The law is, therefore, crystal clear on the nature of employer-employee relations as it has already laid down procedures for the dismissal of staff subject to the agreement between parties and the principle of provision of a valid reason(s) for termination. Hence, the DPR, lacks the capacity to issue guidelines which interfere with agreements to which they are not privy to. The Supreme court was also very clear in its decision in Shell Petroleum Development Company v Nwawka & The Director of Petroleum Resources[6], when it held, “that a directive from a stranger or third party to a contract may not be construed to derogate from such contractual relationship and that the DPR cannot issue any directive that could have the effect of affecting that contractual relationship. Despite the plethora of judicial decisions on the subject matter, it is of great concern that the DPR still insists that employees within the context of the Guidelines seek the consent of the Minister before releasing an employee. It can be said that this is nothing but a flagrant disregard of the well established position of law and the decision of the courts.

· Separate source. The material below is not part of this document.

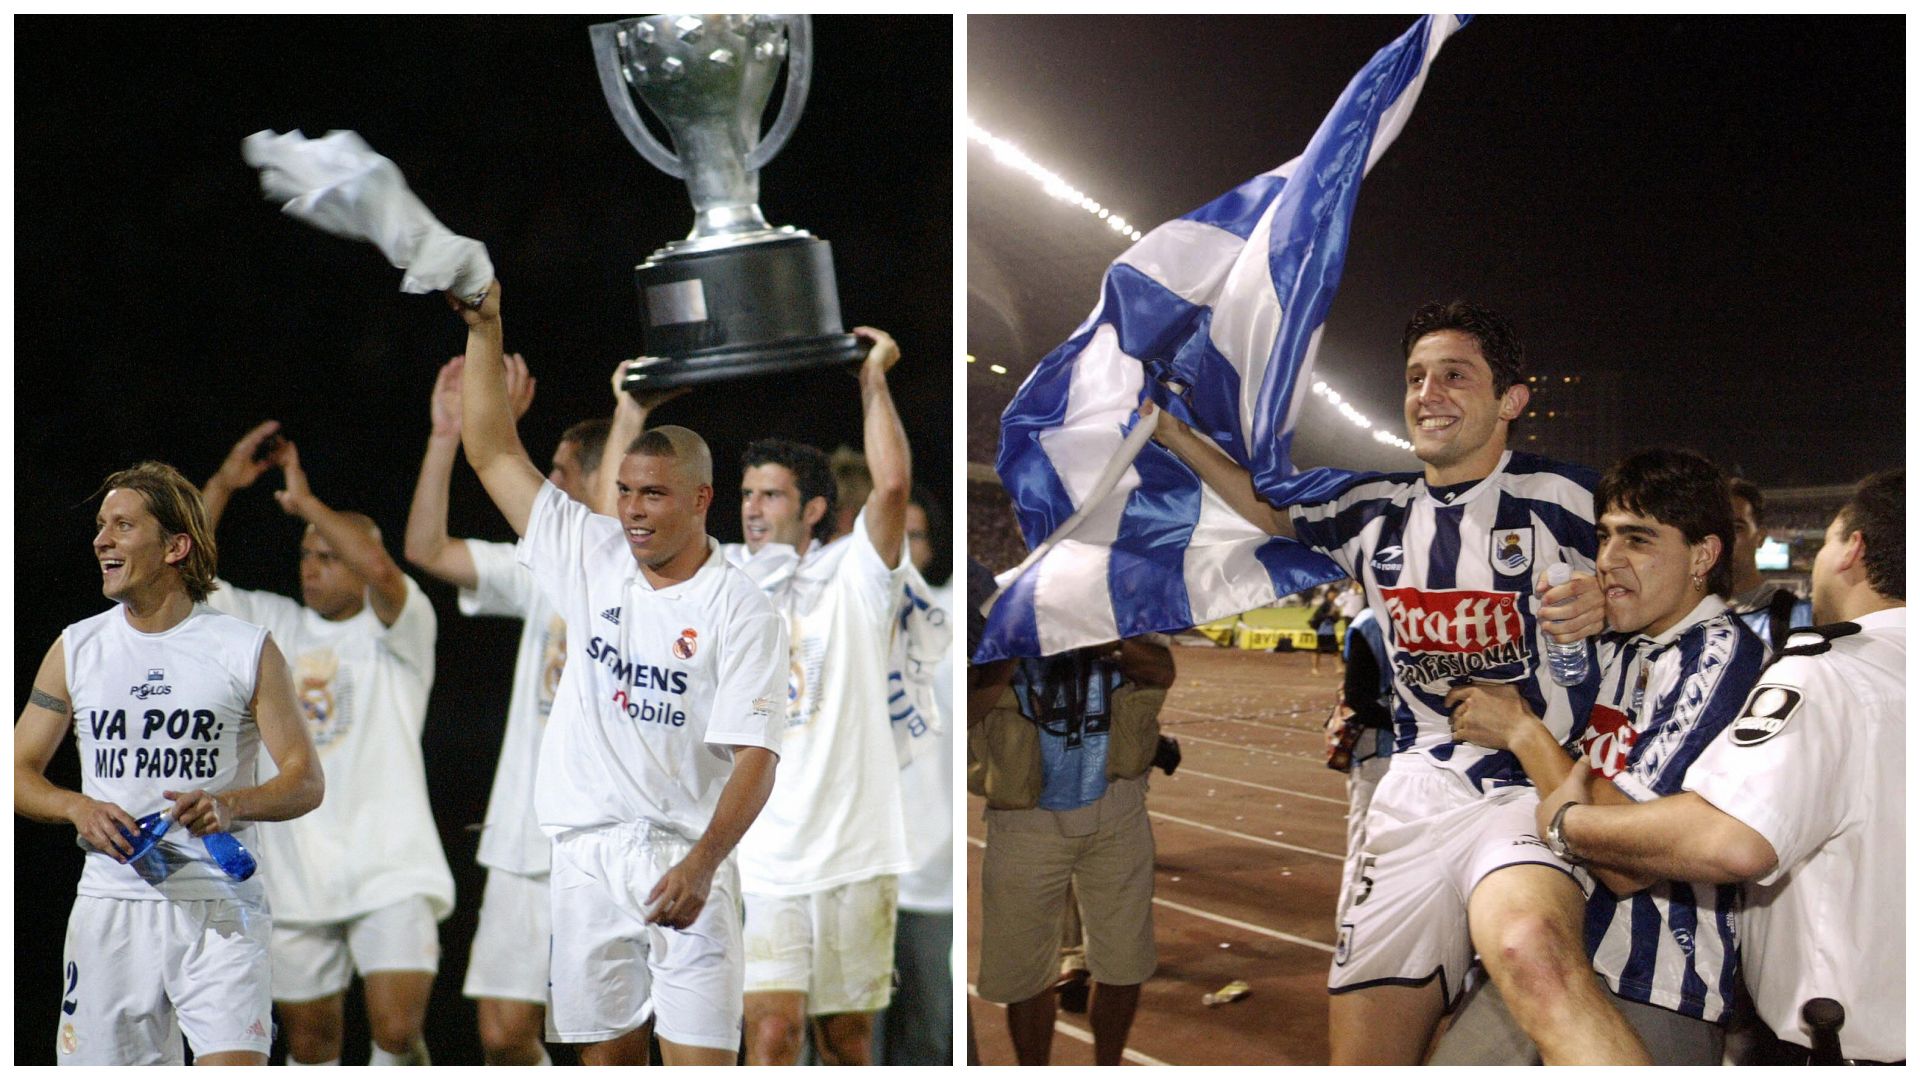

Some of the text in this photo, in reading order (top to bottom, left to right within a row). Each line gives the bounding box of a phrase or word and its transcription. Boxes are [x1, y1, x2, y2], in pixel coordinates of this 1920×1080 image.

[90, 708, 224, 742] VA POR:
[95, 747, 220, 780] MIS PADRES

The need to seek the Minister’s consent is not only time wasting but also economically unreasonable for employers in the oil and gas industry. It is surprising that swarms of lawsuits challenging the validity of the Guidelines are yet to start pouring in perhaps this may not be far from the reluctance of affected parties to be perceived as going against their primary regulator and risk intimidation by the DPR through cancellation or withdrawal of permits, licences or leases. It is hoped that more voices would rise up to challenge this arbitrary Guidelines lacking in any form of merit whatsoever.